It often feels that care is happening to us, not for us. For years, lawmakers and industry leaders have tried to address this by giving patients more access: to health records through EMRs and patient portals; to care delivery through telehealth; to health data through wearables and apps. The thinking is that by making the patient an active recipient in their health data, they will feel like an active participant in healthcare.

Despite these advances, more access has not resulted in patient-centered solutions and experiences. In fact, I would argue that, in many ways, the health data boom has hurt patients by putting them at the center of a maze they are not equipped to navigate, nor from which they directly benefit

Take for example the proliferation of de-identified health data. While there are now millions of patients in anonymous healthcare databases, the data is low fidelity, making it difficult for researchers to contact and invite patients  to potentially life-saving clinical trials. In many cases, patient health data is taken from them, without clear, transparent and episodic consent, for use by researchers through intermediaries like DNA testing companies. While insurance companies, healthcare providers, and data brokers earn millions from selling de-identified patient data, and researchers continue to advance new treatments and diagnostics by using this data, there is no communication loop back to the patient who shares it – knowingly or unknowingly. Nor do patients earn any share of the money that’s made from the use of their data.

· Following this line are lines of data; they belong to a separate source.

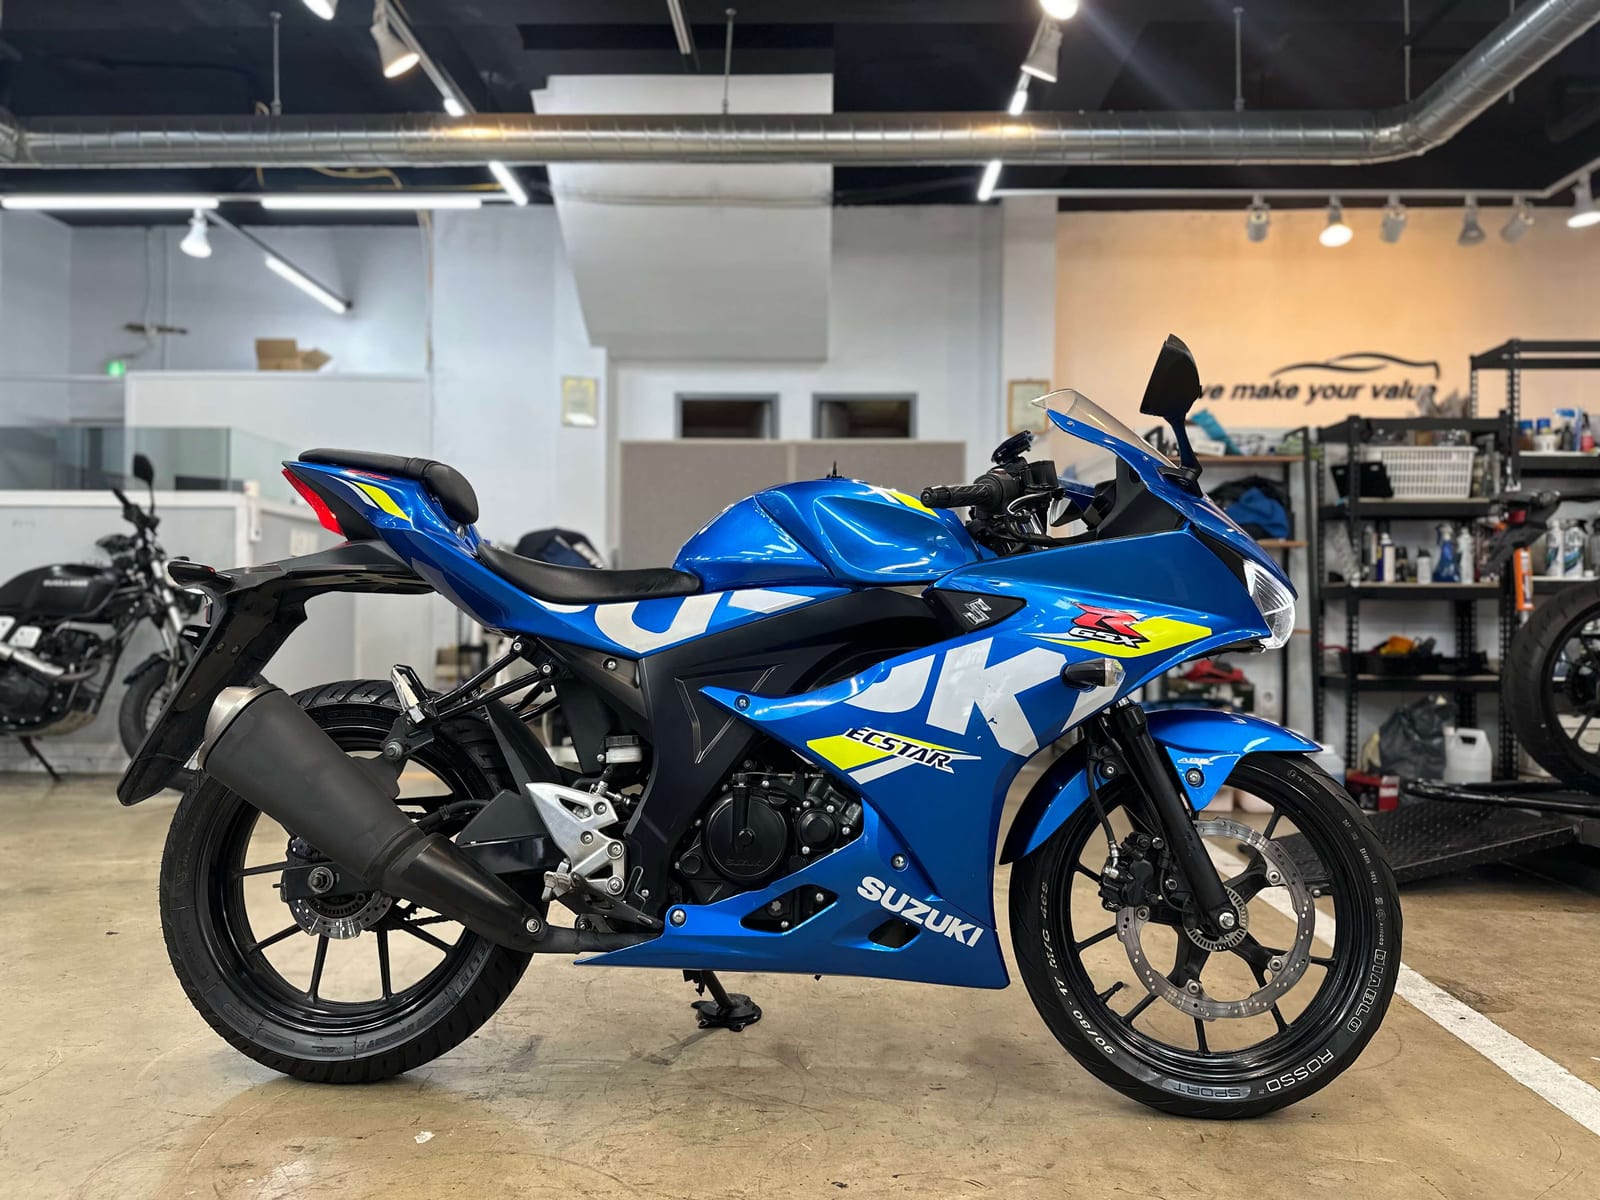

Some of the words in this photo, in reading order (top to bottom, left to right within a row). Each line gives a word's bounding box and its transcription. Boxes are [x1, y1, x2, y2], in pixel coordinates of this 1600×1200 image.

[1231, 379, 1299, 400] make
[1304, 384, 1364, 405] your
[1070, 627, 1140, 648] GSX
[844, 726, 955, 772] ECSTAR
[857, 875, 984, 949] SUZUKI
[1053, 976, 1069, 996] 17
[1346, 949, 1388, 1034] DIABLO
[1072, 1009, 1116, 1055] 90/80
[1173, 1083, 1241, 1098] SPORT
[1265, 1048, 1336, 1093] ROSSO
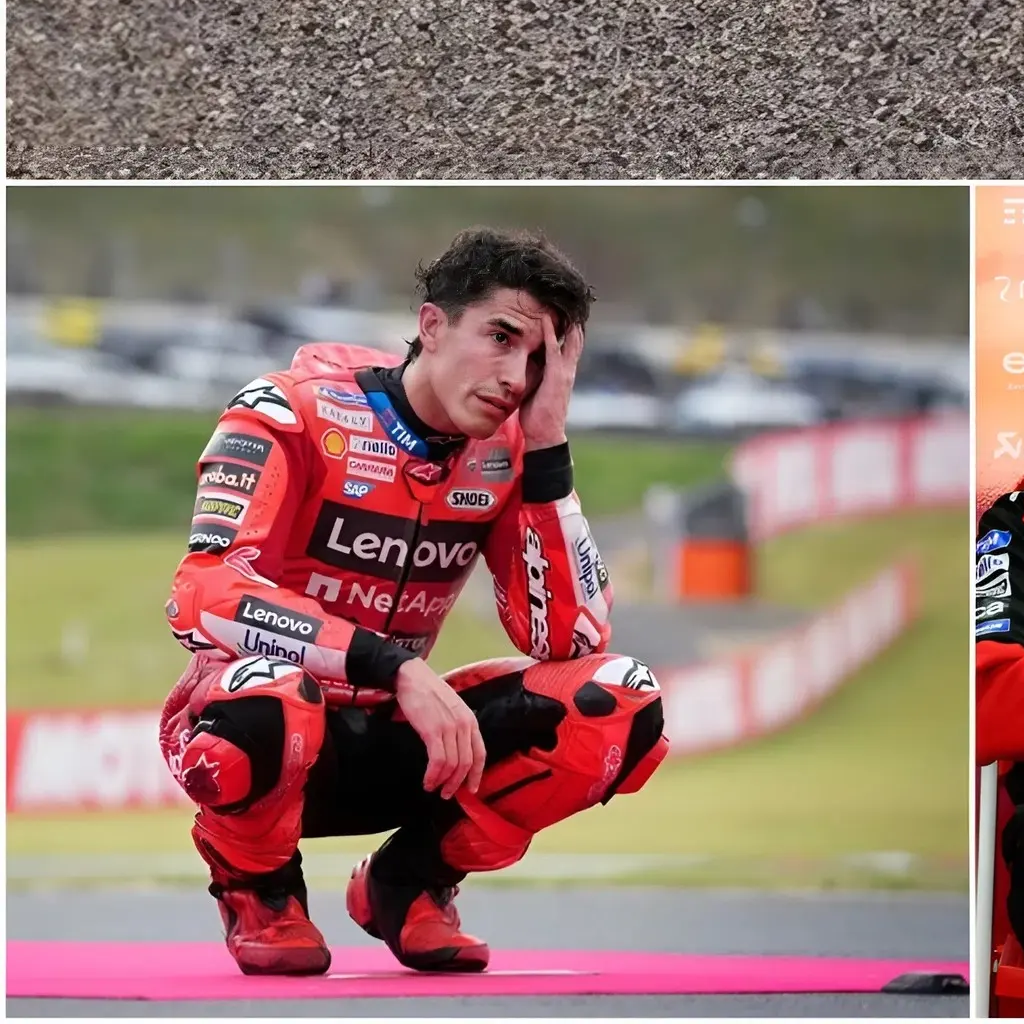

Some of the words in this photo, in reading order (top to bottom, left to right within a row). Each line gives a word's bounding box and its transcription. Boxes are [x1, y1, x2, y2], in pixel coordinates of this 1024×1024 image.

[391, 421, 417, 452] TIM
[325, 516, 478, 569] Lenovo
[242, 601, 313, 635] Lenovo

Still, consent is not enough; it does not create a fair, equal exchange. For every patient to benefit from an equitable and transparent health data exchange, we must let patients control and own their identifiable health data. This way researchers can easily contact patients for more information and to inform them of research opportunities.

Ownership means different things to different people but when researchers stand to gain financially from patient health data, then we must consider ownership inclusive of monetization. It’s simple: Pay people for their health data! While a novel thought, and one that makes some uncomfortable, paying people for their data is the most immediate way to create a fair and equitable exchange, the same as any other consumer marketplace. You wouldn’t sell your bicycle on Craigslist for free, so why give away your health data?

Change is afoot. I am optimistic that as we peel back the onion of what well-intentioned advances like electronic sharing of health data can do, we will design experiences that truly benefit patients by giving them ownership and control over their health data. As patients gain more ownership and control, so, too, will researchers benefit. But it’s the patient who must benefit first – otherwise there is no incentive to leave the maze.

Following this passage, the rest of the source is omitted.